- **Data for this task**:
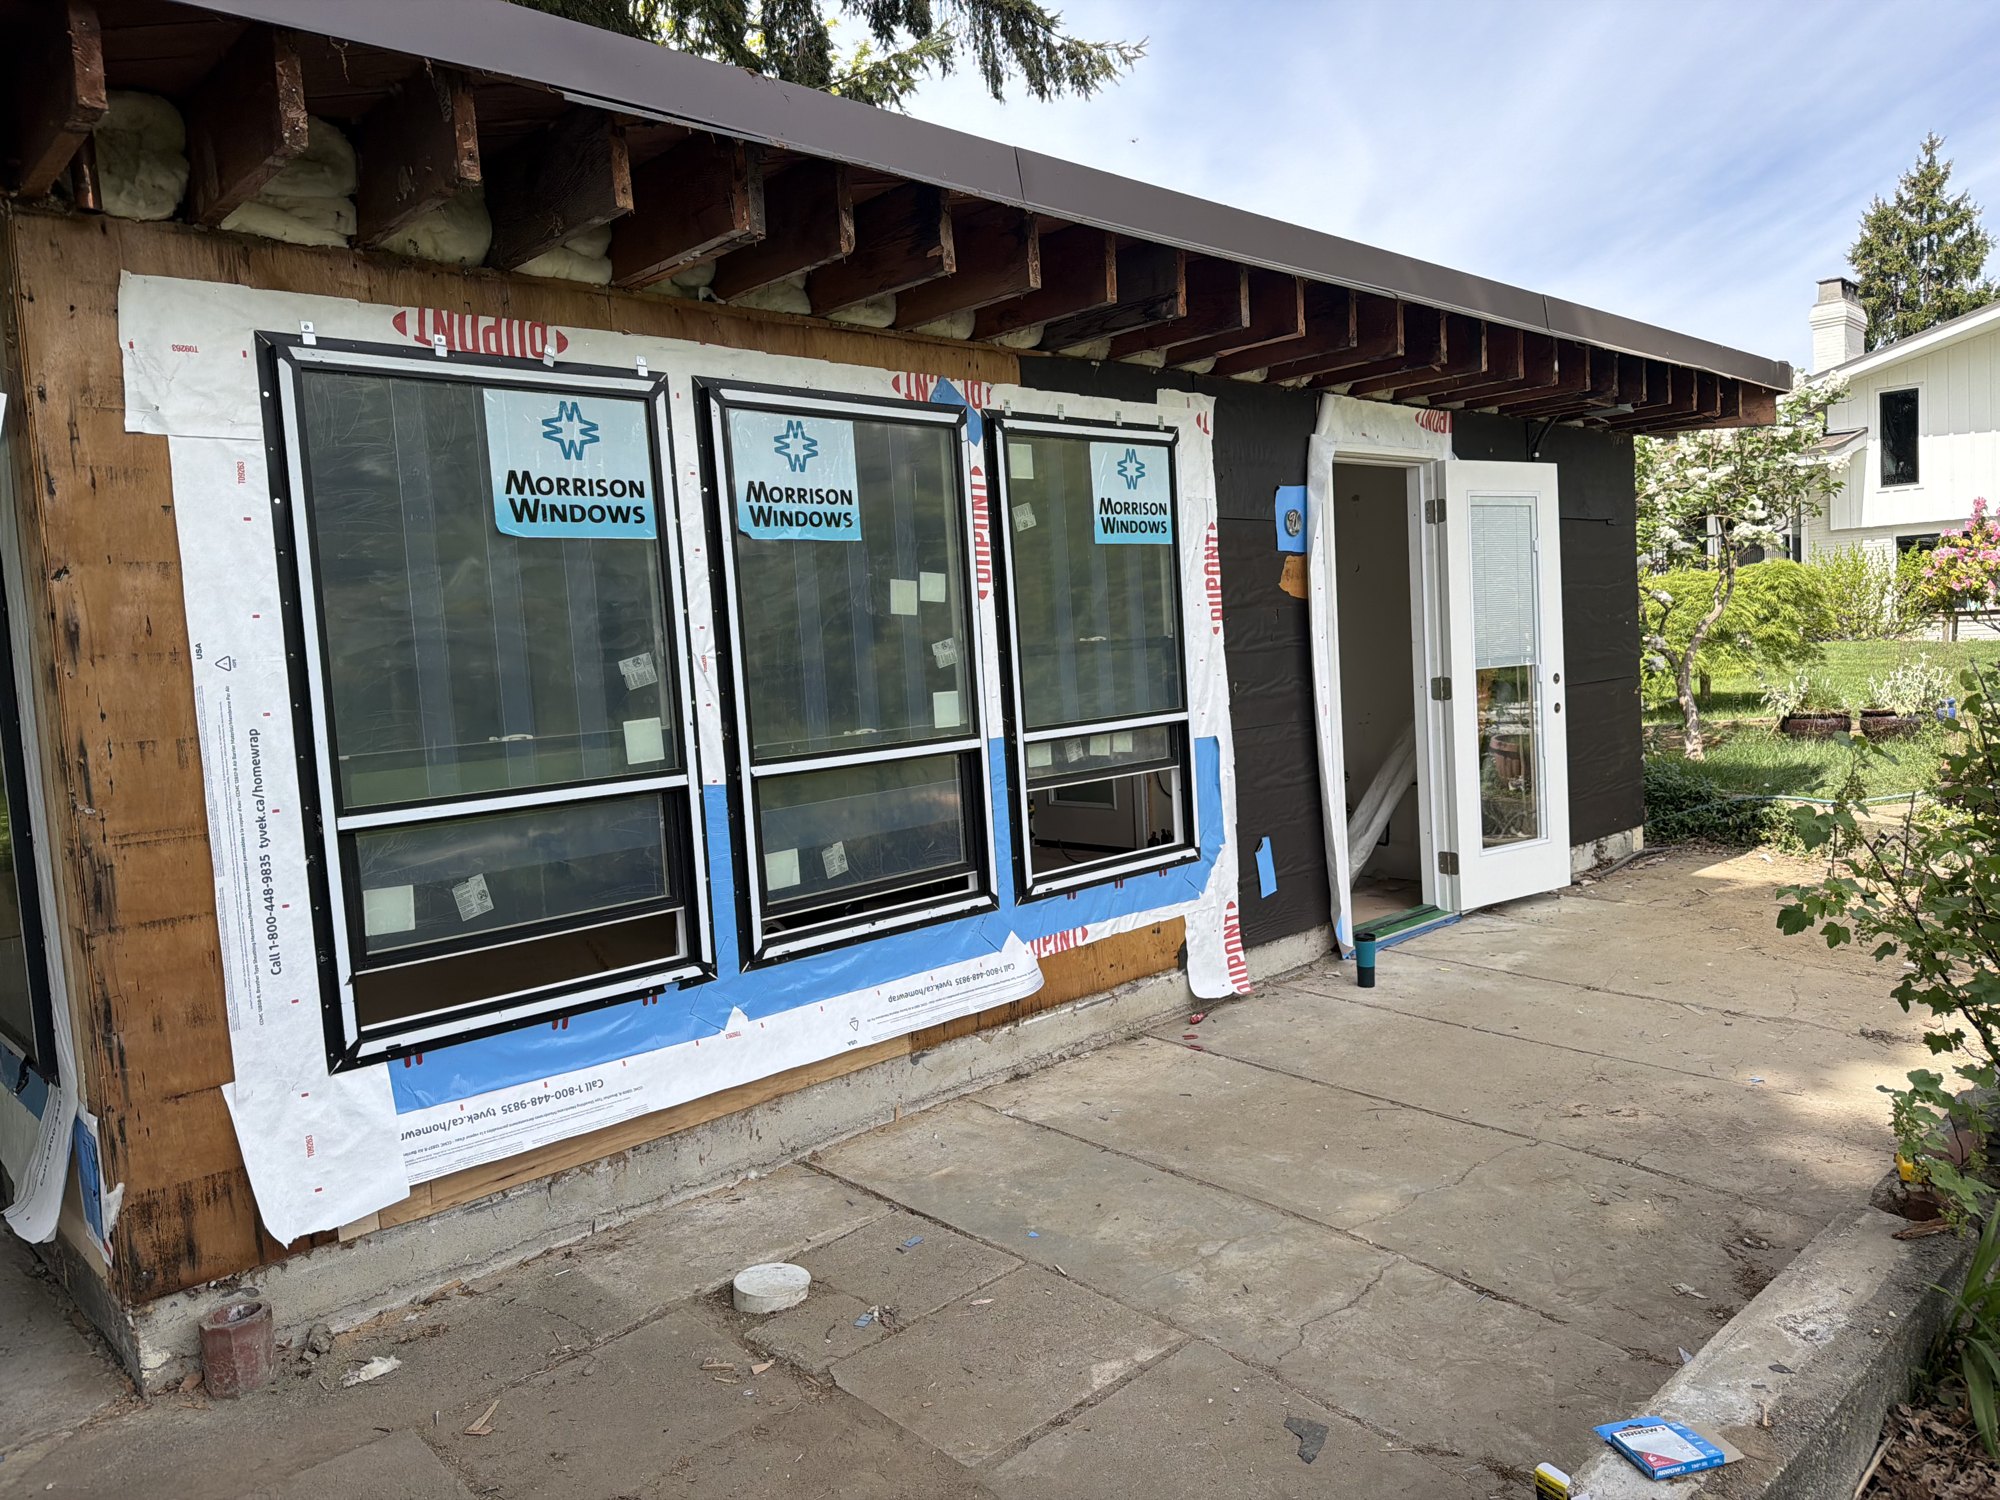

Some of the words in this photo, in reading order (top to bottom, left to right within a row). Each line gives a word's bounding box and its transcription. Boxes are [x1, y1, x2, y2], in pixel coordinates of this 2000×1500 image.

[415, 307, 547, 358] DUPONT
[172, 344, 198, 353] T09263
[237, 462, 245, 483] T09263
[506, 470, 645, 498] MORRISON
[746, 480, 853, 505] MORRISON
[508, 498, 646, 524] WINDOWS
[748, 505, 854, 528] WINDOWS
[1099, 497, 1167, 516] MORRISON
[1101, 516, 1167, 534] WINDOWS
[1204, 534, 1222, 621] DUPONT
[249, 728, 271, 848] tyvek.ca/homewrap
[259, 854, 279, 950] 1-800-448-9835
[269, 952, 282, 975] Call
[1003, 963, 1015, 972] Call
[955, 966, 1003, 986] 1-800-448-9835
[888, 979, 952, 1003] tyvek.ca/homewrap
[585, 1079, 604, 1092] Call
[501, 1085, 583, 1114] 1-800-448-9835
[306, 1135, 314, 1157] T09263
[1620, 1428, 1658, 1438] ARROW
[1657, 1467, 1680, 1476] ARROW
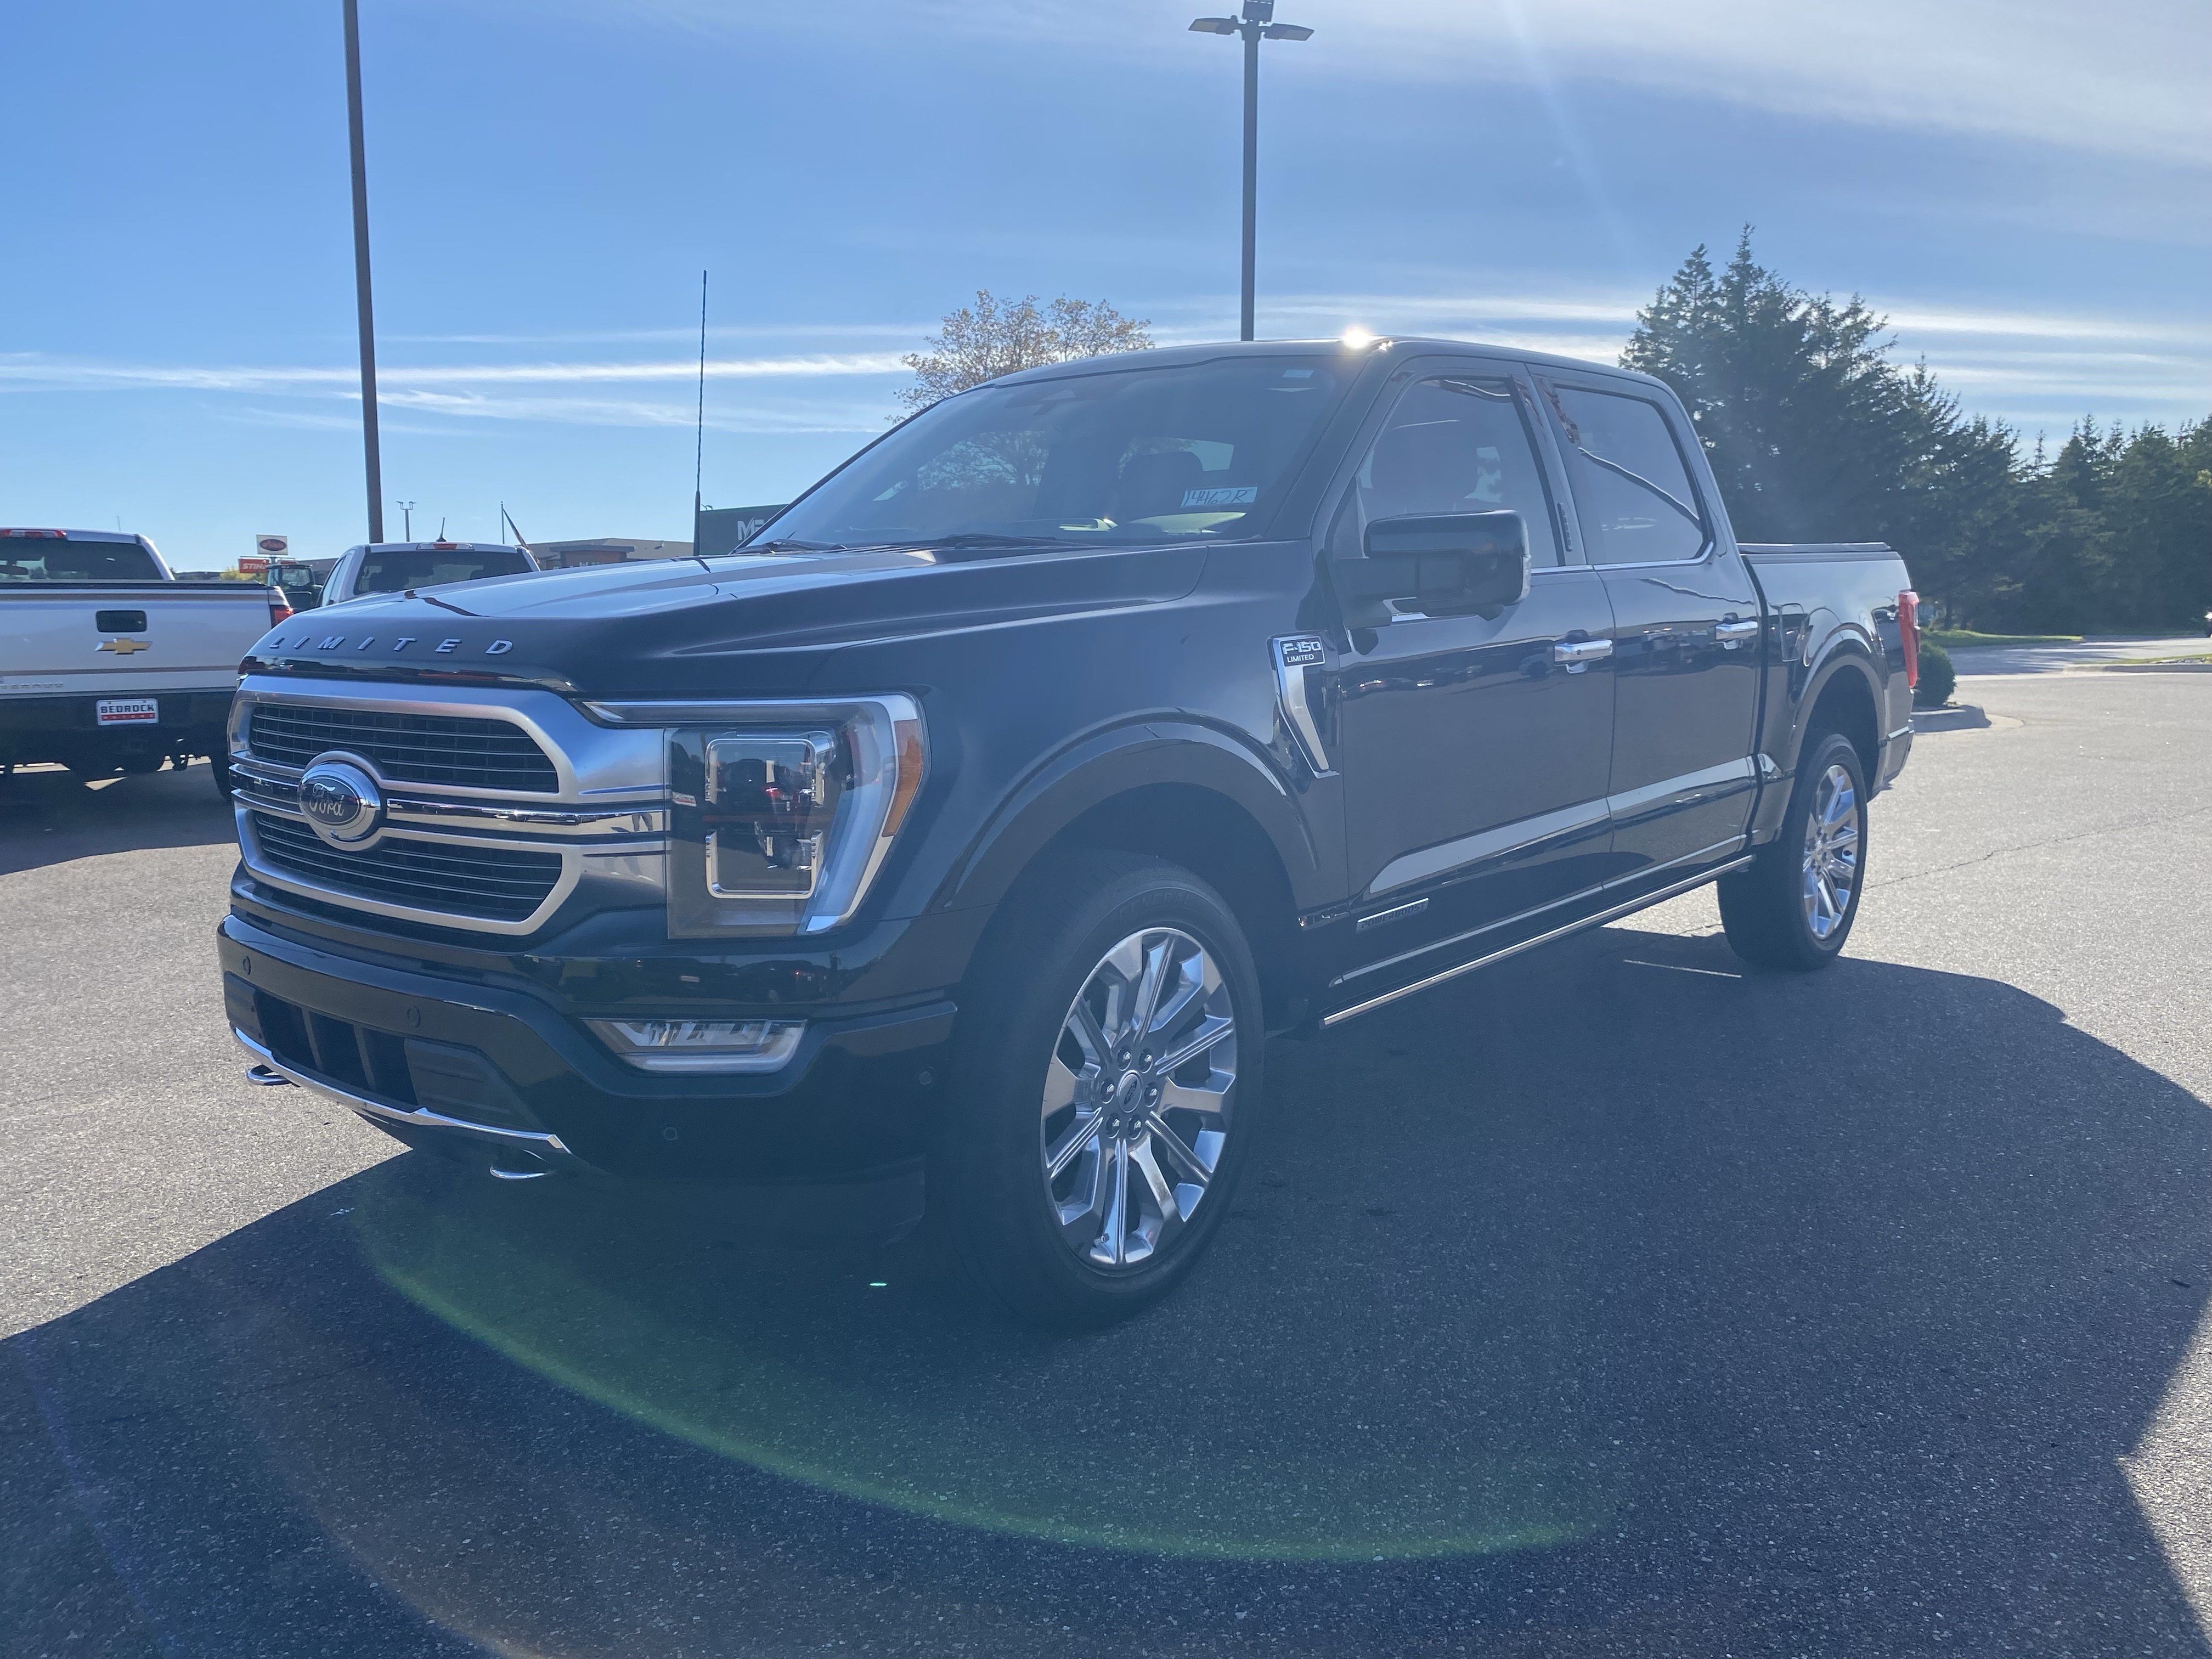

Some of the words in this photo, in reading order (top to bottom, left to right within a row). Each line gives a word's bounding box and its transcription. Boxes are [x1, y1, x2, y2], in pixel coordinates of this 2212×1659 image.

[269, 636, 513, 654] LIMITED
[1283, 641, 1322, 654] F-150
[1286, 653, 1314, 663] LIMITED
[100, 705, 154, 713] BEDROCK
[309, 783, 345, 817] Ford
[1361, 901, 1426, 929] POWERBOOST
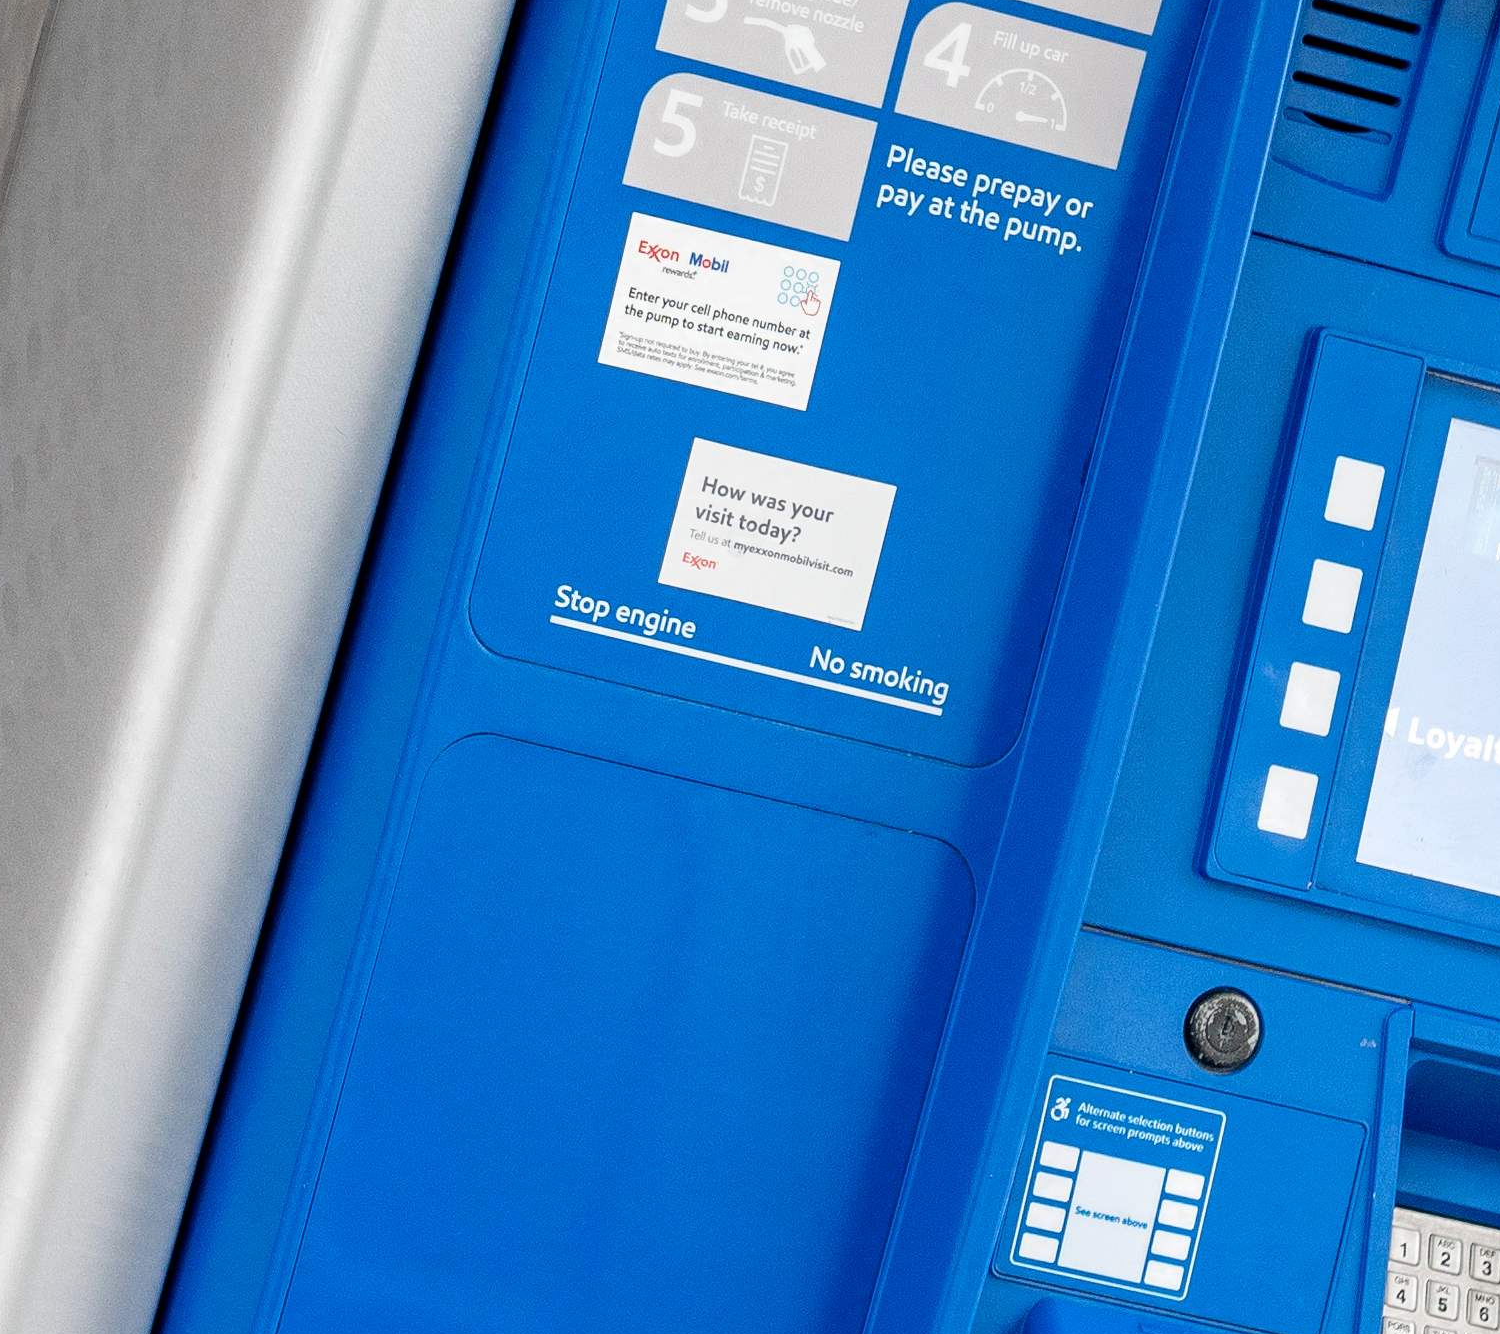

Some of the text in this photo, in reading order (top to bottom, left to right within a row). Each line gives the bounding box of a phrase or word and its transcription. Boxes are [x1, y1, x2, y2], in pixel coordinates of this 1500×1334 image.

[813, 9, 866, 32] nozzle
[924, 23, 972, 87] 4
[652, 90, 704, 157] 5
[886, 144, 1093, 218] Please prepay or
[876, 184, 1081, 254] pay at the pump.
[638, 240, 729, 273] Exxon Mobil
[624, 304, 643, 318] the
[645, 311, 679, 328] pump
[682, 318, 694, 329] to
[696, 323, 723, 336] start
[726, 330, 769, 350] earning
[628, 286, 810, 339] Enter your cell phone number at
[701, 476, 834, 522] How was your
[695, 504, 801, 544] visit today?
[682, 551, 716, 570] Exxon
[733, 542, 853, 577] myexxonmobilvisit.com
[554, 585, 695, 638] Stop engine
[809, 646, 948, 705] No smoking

- **About this exercise**:
Reproduce the line that contains "Some of the text" and each line after it through the last line of the entries above, exactly; leave out all earlier lines.

- **Task answer**:
Some of the text in this photo, in reading order (top to bottom, left to right within a row). Each line gives the bounding box of a phrase or word and its transcription. Boxes are [x1, y1, x2, y2], in pixel coordinates of this 1500×1334 image.

[813, 9, 866, 32] nozzle
[924, 23, 972, 87] 4
[652, 90, 704, 157] 5
[886, 144, 1093, 218] Please prepay or
[876, 184, 1081, 254] pay at the pump.
[638, 240, 729, 273] Exxon Mobil
[624, 304, 643, 318] the
[645, 311, 679, 328] pump
[682, 318, 694, 329] to
[696, 323, 723, 336] start
[726, 330, 769, 350] earning
[628, 286, 810, 339] Enter your cell phone number at
[701, 476, 834, 522] How was your
[695, 504, 801, 544] visit today?
[682, 551, 716, 570] Exxon
[733, 542, 853, 577] myexxonmobilvisit.com
[554, 585, 695, 638] Stop engine
[809, 646, 948, 705] No smoking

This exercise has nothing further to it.